--- Material to process Enclosed Below ---

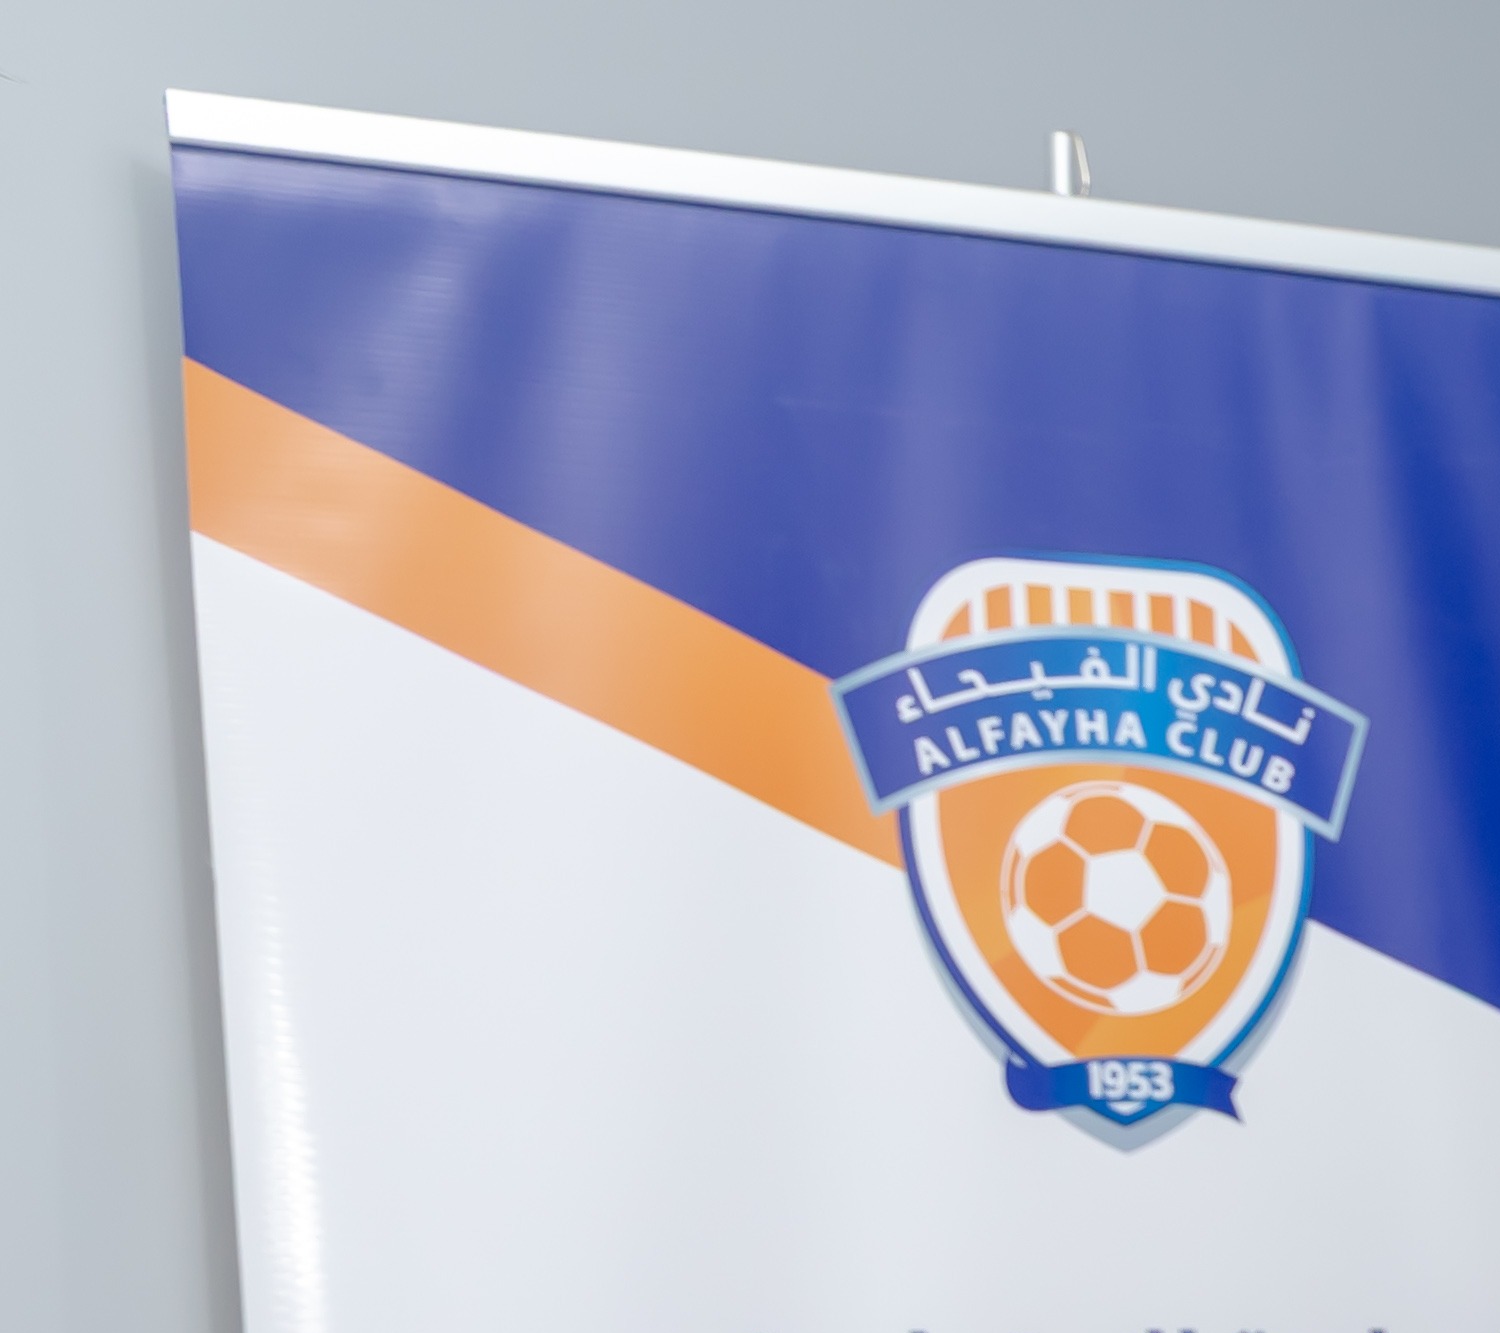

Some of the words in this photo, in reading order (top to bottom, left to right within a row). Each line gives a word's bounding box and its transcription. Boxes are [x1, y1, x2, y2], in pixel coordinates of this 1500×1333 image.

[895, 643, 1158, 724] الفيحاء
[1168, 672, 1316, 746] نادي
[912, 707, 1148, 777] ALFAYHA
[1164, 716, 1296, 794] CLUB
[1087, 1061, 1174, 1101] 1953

--- End of Enclosed Material to process ---

## About this task
Repeat the data exactly. No pictures should appear.

## Response area
Some of the words in this photo, in reading order (top to bottom, left to right within a row). Each line gives a word's bounding box and its transcription. Boxes are [x1, y1, x2, y2], in pixel coordinates of this 1500×1333 image.

[895, 643, 1158, 724] الفيحاء
[1168, 672, 1316, 746] نادي
[912, 707, 1148, 777] ALFAYHA
[1164, 716, 1296, 794] CLUB
[1087, 1061, 1174, 1101] 1953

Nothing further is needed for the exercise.